The City Hall design also conveys the connection with the past, the present and the future of the great city of Las Vegas.
The past represented in the building draws from where Las Vegas derives its name — from the meadows once fed by an underground springs that attracted the original native residents, the Paiute Nation. The city council chambers structure was inspired by the springs, represented by the metallic ribbon ceilings in the chamber and the ceiling of the lobby's great room.
For the present, the nearby Hoover Dam helps to shape Las Vegas into a modern city; The dam and the walls of black canyon that embrace it are represented in the main structure of the City Hall through the horizontal bands of the north face of the building, which symbolize the earth's layers. The vertical glass fins on the plaza façade signify the huge drop in the Colorado River water level that the dam's turbines transform into electric energy.
The future is represented in the building's solar features.

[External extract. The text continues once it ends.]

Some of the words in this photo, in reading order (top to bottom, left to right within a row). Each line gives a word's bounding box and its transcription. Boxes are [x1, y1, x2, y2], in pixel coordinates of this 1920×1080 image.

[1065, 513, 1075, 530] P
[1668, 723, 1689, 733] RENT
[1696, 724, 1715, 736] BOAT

The sun is representing in the rays flowing along the building's east wing plaza façade onto the photovoltaic trees that shade the plaza and form its great space.
At nightfall, as if the falling water of the dam magically evaporates in the solar panels of the treetops, the energy created by the panels illuminates the glass fins of the building façade in an ever-changing display of color, creating a new landmark in the city's world famed heritage of light.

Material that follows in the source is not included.